ASSIGNMENT.
Leaving out the pictures, output each record exactly as it stands.

[[ RECORD EXTRACTS open ]]

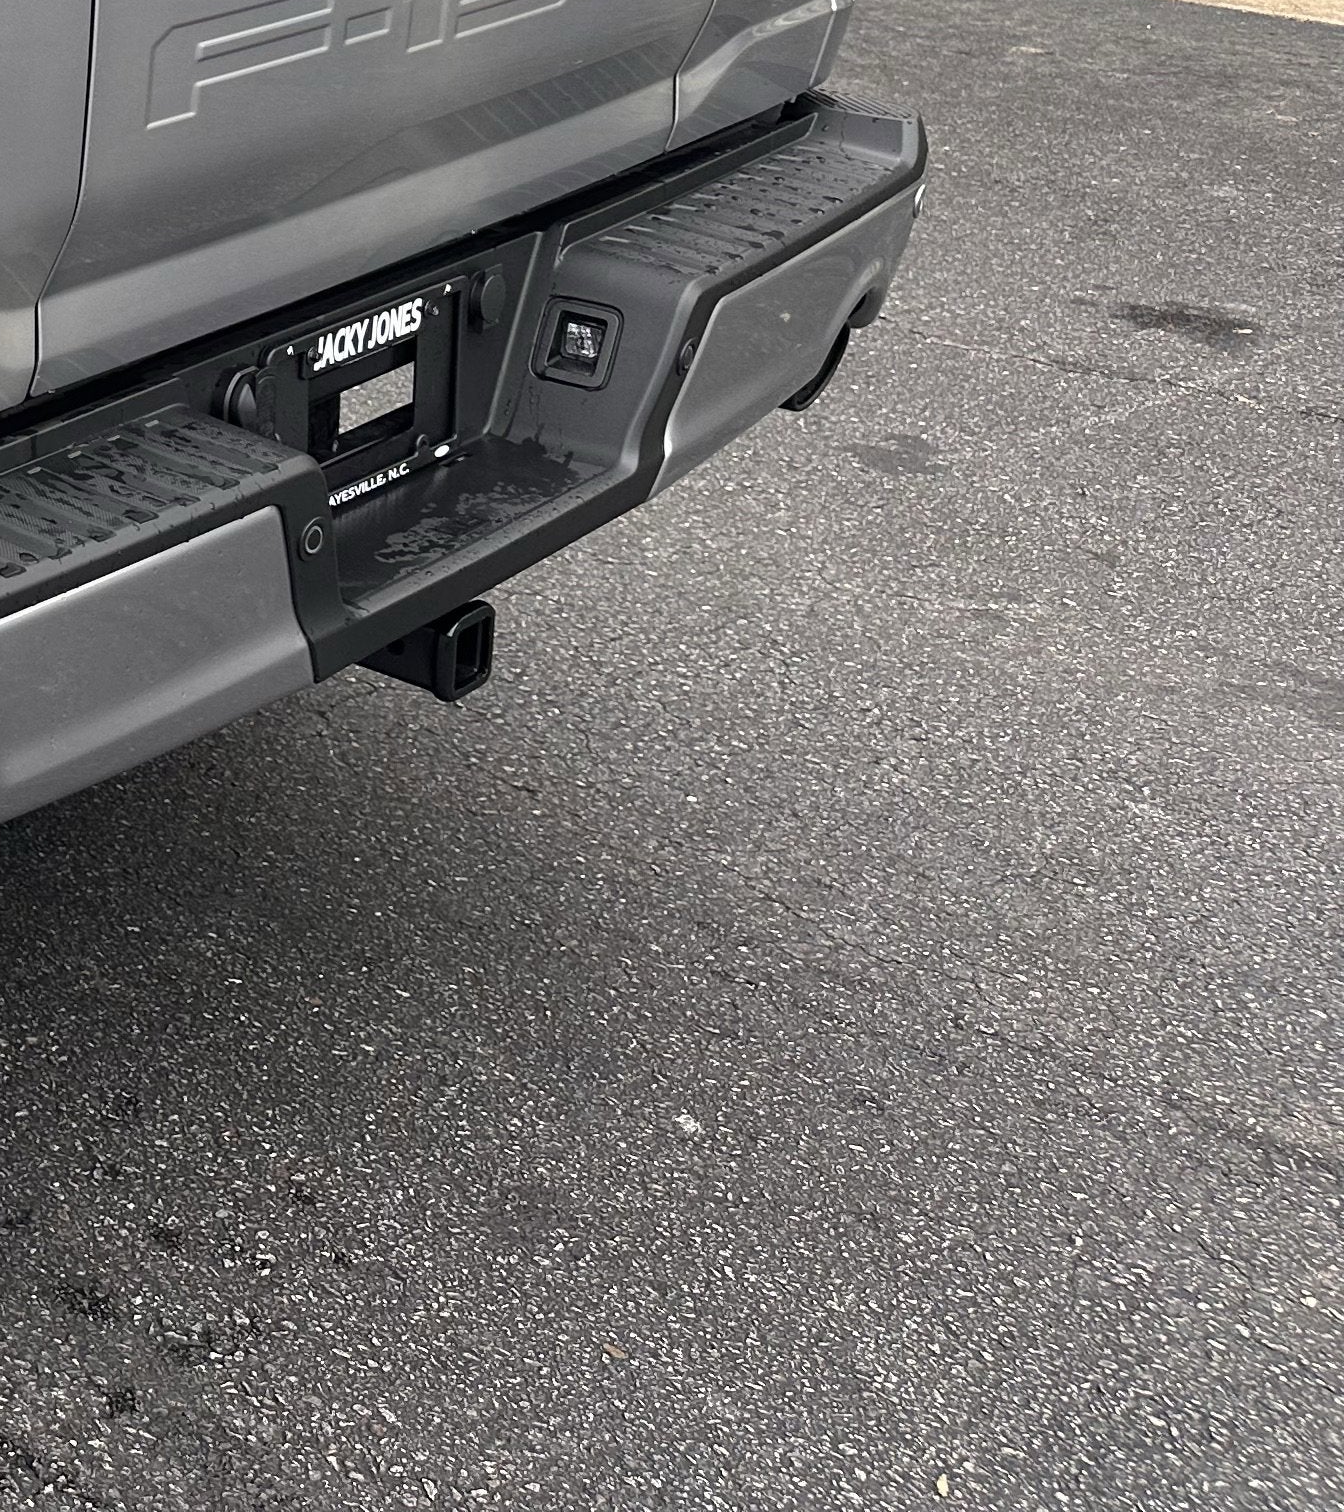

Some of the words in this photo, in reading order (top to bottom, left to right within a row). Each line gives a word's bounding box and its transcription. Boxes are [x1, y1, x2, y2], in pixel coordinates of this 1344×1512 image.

[313, 318, 369, 372] JACKY
[368, 297, 423, 350] JONES
[328, 473, 387, 506] AYESVILLE,
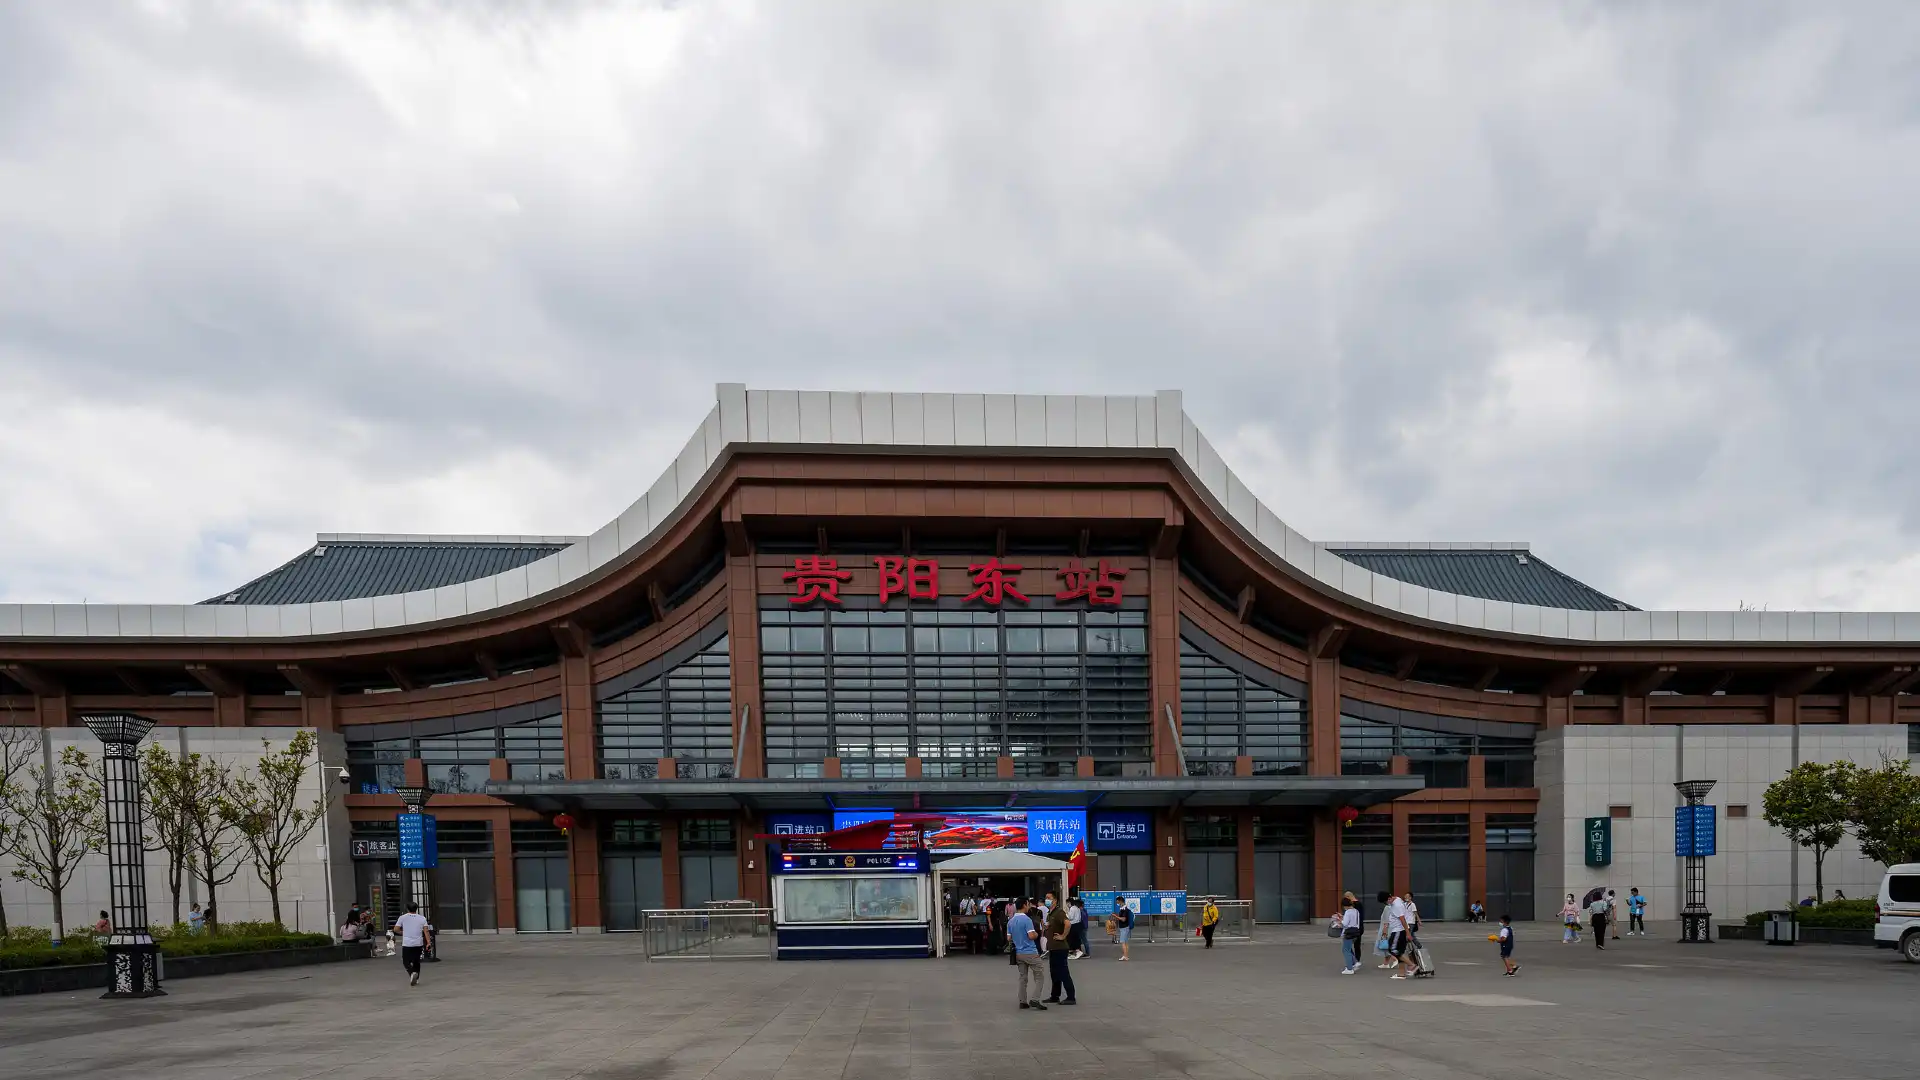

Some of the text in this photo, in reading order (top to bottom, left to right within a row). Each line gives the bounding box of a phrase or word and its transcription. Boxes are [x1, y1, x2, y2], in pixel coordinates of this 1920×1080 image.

[782, 555, 1130, 605] 贵阳东站
[794, 825, 825, 834] 进站口
[1034, 819, 1081, 830] 贵阳东站
[1116, 823, 1146, 833] 进站口
[1040, 833, 1075, 844] 欢迎您
[809, 858, 836, 866] 警察
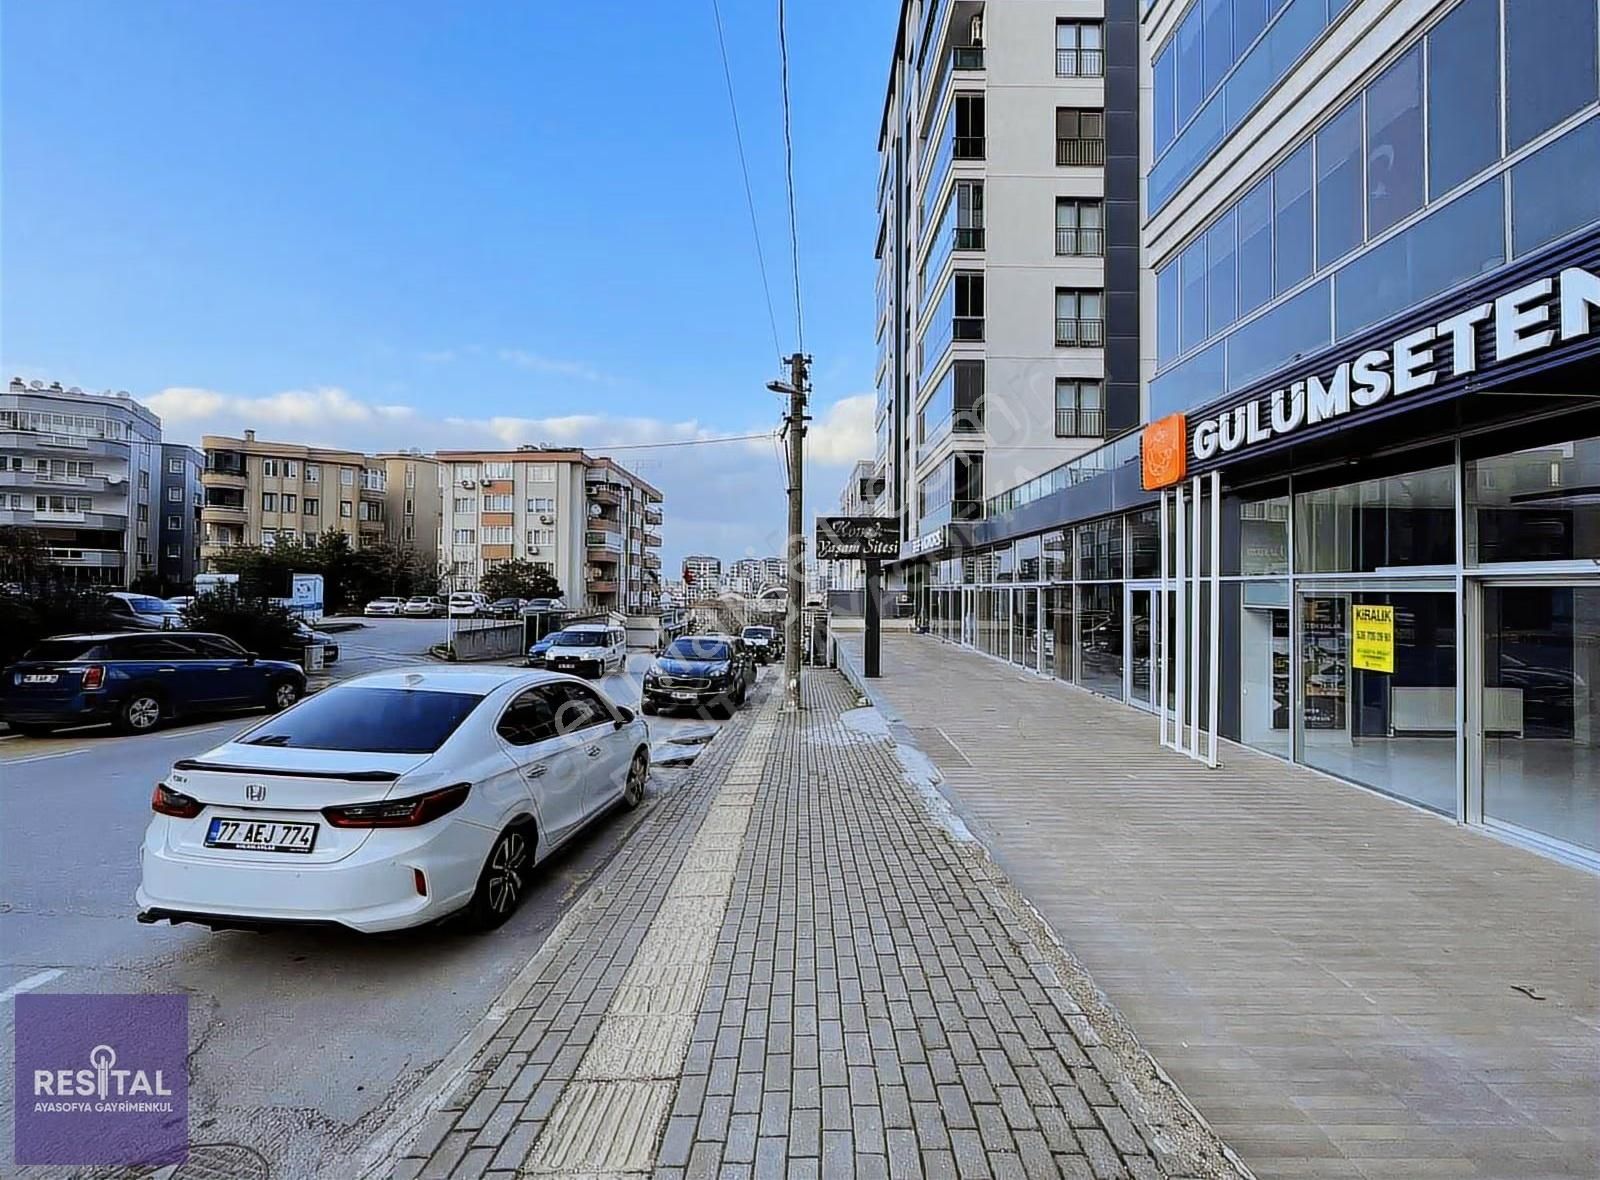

[[ RECORD EXTRACTS closed ]]

WRITTEN REPLY.
Some of the words in this photo, in reading order (top to bottom, left to right within a row). Each line gives a word's bounding box and its transcription. Boxes are [x1, y1, x2, y2], in pixel coordinates of this 1344×1512 image.

[313, 318, 369, 372] JACKY
[368, 297, 423, 350] JONES
[328, 473, 387, 506] AYESVILLE,

Some of the text in this photo, in reading order (top to bottom, left to right within a row). Each line gives the bounding box of a phrase or word and its transcription. Boxes are [x1, y1, x2, y2], in pixel coordinates of this 1920×1080 image.

[782, 555, 1130, 605] 贵阳东站
[794, 825, 825, 834] 进站口
[1034, 819, 1081, 830] 贵阳东站
[1116, 823, 1146, 833] 进站口
[1040, 833, 1075, 844] 欢迎您
[809, 858, 836, 866] 警察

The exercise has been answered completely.